A centralized energy grid is a network of energy generated by generators, high-voltage transmission lines, and low-voltage transmission lines that transmit electricity over long distances to power the nation’s lifeblood and economy.
As the world becomes more and more reliant on electrification, the aging grid is under enormous pressure. Electricity peaks during peak demand periods are becoming more common, as are power outages in India and Africa due to insufficient capacity and infrastructure failures.
Energy Storage Systems (ESS) keep modern grids stable by capturing and storing renewable energy sources such as wind and solar. By alleviating the intermittency issues faced by renewable energy sources, the most efficient energy storage can help remove barriers that have historically hindered greater adoption of wind and solar resources.
This makes it possible to supply power to all users and applications at all times, including charging electric vehicles and powering buildings, hospitals and schools. ESS can not only support grids operating during peak hours, but also maintain existing grid infrastructure without the risk of grid overload and collapse.

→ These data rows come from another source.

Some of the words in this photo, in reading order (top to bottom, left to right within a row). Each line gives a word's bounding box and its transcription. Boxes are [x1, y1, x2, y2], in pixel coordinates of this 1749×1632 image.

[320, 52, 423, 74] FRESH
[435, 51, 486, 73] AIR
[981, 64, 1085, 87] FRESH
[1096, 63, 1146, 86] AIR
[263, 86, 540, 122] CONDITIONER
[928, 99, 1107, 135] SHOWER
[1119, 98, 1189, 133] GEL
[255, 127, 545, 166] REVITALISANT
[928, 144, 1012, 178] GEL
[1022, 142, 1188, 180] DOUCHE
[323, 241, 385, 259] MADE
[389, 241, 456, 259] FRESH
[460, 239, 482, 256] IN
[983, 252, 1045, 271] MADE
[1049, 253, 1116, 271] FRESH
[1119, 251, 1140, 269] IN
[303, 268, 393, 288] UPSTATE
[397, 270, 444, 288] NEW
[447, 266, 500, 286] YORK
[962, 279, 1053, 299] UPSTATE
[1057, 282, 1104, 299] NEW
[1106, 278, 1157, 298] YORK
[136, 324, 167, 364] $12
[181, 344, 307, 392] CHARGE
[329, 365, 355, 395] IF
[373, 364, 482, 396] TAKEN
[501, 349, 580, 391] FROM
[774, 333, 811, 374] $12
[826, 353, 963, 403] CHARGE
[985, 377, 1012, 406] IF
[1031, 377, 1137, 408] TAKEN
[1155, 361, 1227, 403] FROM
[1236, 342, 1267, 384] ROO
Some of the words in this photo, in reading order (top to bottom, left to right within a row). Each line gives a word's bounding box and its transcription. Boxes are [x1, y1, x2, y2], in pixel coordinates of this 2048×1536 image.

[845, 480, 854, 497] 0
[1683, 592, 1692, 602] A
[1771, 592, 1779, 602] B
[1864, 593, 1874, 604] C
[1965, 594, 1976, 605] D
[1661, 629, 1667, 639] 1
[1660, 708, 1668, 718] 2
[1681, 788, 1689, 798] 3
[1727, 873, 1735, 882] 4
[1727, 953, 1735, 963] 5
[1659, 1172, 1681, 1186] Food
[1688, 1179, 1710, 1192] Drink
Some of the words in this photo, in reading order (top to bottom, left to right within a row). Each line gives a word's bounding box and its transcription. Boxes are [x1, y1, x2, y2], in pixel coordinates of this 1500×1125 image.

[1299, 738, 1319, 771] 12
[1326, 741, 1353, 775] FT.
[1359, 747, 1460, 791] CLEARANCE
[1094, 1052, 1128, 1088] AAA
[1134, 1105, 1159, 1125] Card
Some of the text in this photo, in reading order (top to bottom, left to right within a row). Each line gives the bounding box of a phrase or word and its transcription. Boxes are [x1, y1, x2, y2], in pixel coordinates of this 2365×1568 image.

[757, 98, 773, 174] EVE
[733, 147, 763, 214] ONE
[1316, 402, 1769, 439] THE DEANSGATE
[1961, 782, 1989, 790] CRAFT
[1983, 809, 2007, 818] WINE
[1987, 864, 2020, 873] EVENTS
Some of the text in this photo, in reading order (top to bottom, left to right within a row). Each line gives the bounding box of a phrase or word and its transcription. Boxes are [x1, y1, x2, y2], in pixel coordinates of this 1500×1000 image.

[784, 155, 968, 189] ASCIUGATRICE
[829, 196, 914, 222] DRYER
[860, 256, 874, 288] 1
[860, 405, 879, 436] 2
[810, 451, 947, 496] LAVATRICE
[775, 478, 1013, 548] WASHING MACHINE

1. Energy storage systems effectively facilitate the integration of renewable resources in mainstream energy production
In recent years, energy storage and ESS have become a global focus, driven by the expected penetration of electric vehicles (EVs) and other electrification technologies. ESS renewable energy storage systems will support the growth of electric vehicles while also serving as a key application for secondary battery life.
ESS captures and stores energy, primarily provided by distributed variable renewable energy, not only for the environment, but also for populations in developed and underdeveloped countries, where electrification is used to drive business and sustain life.
Energy storage systems not only store energy for use during peak loads when energy demand is low, but also enable future grid operations without requiring trillions of dollars of investment to expand transmission lines or build new air-polluting fossil-fuel power plants.
2. Powering the future with ESS renewable energy reserves
In 2017 and 2018, renewable energy contributed 18.1% and 26% to world energy consumption and power generation, respectively. Of this energy consumption, 7.5% comes from conventional biomass, 4.2% from heat (non-biomass), 1% from biofuels for transportation, 3.6% from hydropower, 2% from wind, solar, biomass, geothermal and ocean energy.
The need for a sustainable energy future is driving more variable renewable energy storage into the grid, which in turn is accelerating the adoption of hybrid energy storage technologies to help maximize grid resilience.
The energy storage market is forecast to grow rapidly in the coming decades, driven by the expected penetration of electric vehicles (EVs) and other electrification technologies. Investment in new energy storage is expected to skyrocket by $620 billion over the next two decades.
By 2030, 65% of the new storage capacity is expected to be used to connect various ESS renewable energy storage to the grid and provide various grid services, 30% to support residential, commercial and industrial facilities, 5% to use to support EV infrastructure.